Among the multiple mechanisms of different temporal duration leading to synchronization of firing among neighboring cells, even some of the longer duration cross correlations between neighboring ganglion cells appear also to be mediated by electrical junctions.
Three cross correlation patterns of different durations were identified among salamander ganglion cells, narrow (0-1 msec), medium (10-50 msec), and broad (50-100 msec). Broad correlations were blocked by cadmium chloride containing medium, but narrow and medium correlations were not (Fig. 42). Cadmium chloride blocks calcium dependent synaptic transmission, making it very likely that both narrow and medium time correlations were mediated by other means such as electrical junctions. Direct electrical connections among ganglion cells may mediate narrow correlations, similar to cat retina, while medium correlations may result from electrical coupling between amacrine and ganglion cells. Waves of slow potentials passing through the amacrine layer may stimulate multiple ganglion cells by this mechanism. The cadmium sensitive broad correlations appear to result, at least in part, from photoreceptor photon noise (Brivanlou et al, 1998), as in the cat.

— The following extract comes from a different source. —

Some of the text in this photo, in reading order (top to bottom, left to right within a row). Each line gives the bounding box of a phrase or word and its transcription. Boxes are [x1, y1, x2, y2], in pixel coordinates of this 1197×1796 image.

Only time invariant background stimulation was used in the previous two studies. When localized flashing stimuli are used, a further cross correlation pattern emerges. Oscillatory firing patterns become entrained among cells responding to a contiguous stimulus.

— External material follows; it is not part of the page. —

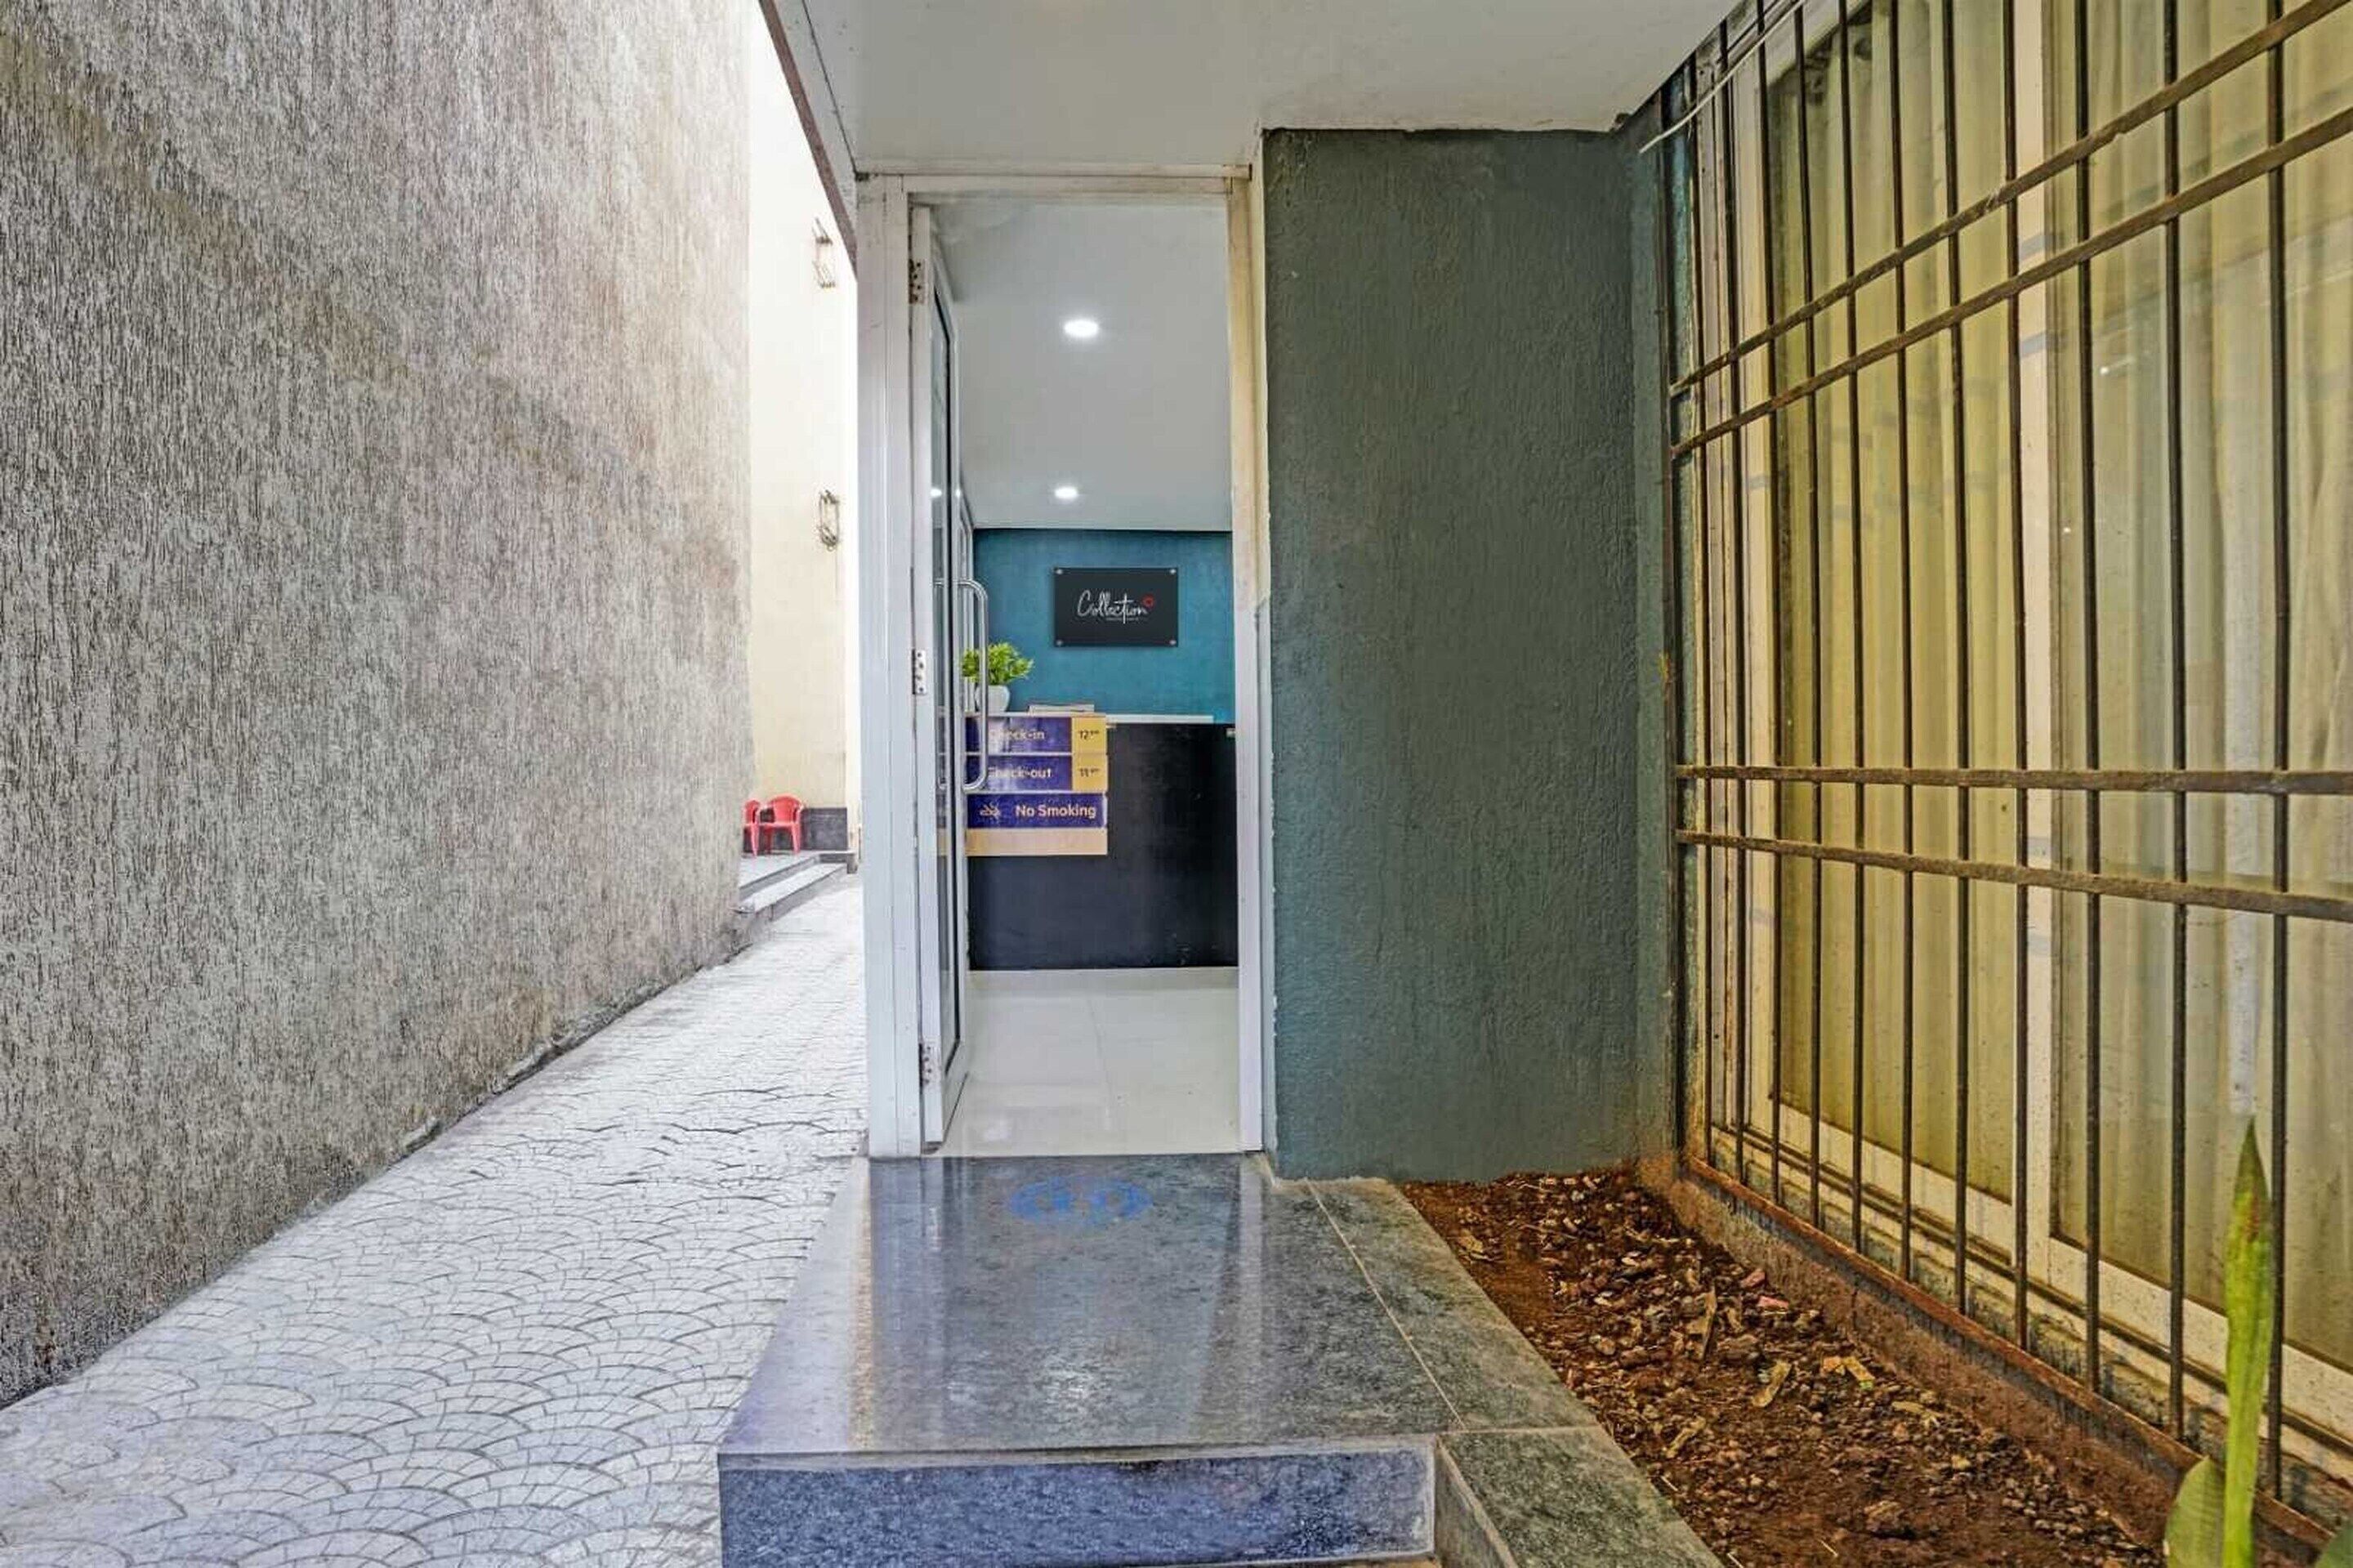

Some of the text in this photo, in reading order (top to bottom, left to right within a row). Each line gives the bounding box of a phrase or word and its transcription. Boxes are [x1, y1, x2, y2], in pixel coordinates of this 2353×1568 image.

[1077, 589, 1148, 624] Collection
[1016, 803, 1097, 819] No Smoking

Ganglion cells develop a high frequency (~100 Hz) oscillatory firing pattern when presented with localized bright stimuli. This is seen in autocorrelation functions (black, Fig. 43). These functions show that the probability of a second ganglion cell impulse depends, in a periodic way, on the firing of a previous impulse in the same cell. If stimuli are spatially separate (left, Fig. 43) the oscillatory firing patterns in the two cells are independent. However, if the stimulus covers the area between the two cells, oscillatory patterns in each cell becomes entrained with each other. This is seen in an oscillatory cross correlation function in the two cells firing patterns for this stimulus (right, Fig. 43). This is a long range effect. The two ganglion cells needn’t have overlapping receptive fields. It is a longer distance phenomenon than reported for other cross correlation patterns in ganglion cell firing. It likely involves gap junctions among ganglion or amacrine cells (Neuenschwander and Singer, 1996).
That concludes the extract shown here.